=== Section Start ===

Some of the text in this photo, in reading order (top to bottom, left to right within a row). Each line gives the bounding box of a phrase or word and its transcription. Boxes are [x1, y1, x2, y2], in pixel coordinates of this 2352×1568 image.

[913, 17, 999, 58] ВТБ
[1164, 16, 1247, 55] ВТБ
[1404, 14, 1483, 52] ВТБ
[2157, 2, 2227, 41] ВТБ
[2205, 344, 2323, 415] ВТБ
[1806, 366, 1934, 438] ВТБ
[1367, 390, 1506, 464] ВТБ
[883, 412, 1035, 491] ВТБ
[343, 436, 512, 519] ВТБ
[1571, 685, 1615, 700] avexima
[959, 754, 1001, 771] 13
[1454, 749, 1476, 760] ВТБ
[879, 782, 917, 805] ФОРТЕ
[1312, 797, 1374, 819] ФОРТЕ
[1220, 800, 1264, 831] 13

=== Section End ===

■ TASK TO COMPLETE:
Having read the material, set all of it down again without a single difference.

■ SOLUTION TO THIS PROBLEM:
Some of the text in this photo, in reading order (top to bottom, left to right within a row). Each line gives the bounding box of a phrase or word and its transcription. Boxes are [x1, y1, x2, y2], in pixel coordinates of this 2352×1568 image.

[913, 17, 999, 58] ВТБ
[1164, 16, 1247, 55] ВТБ
[1404, 14, 1483, 52] ВТБ
[2157, 2, 2227, 41] ВТБ
[2205, 344, 2323, 415] ВТБ
[1806, 366, 1934, 438] ВТБ
[1367, 390, 1506, 464] ВТБ
[883, 412, 1035, 491] ВТБ
[343, 436, 512, 519] ВТБ
[1571, 685, 1615, 700] avexima
[959, 754, 1001, 771] 13
[1454, 749, 1476, 760] ВТБ
[879, 782, 917, 805] ФОРТЕ
[1312, 797, 1374, 819] ФОРТЕ
[1220, 800, 1264, 831] 13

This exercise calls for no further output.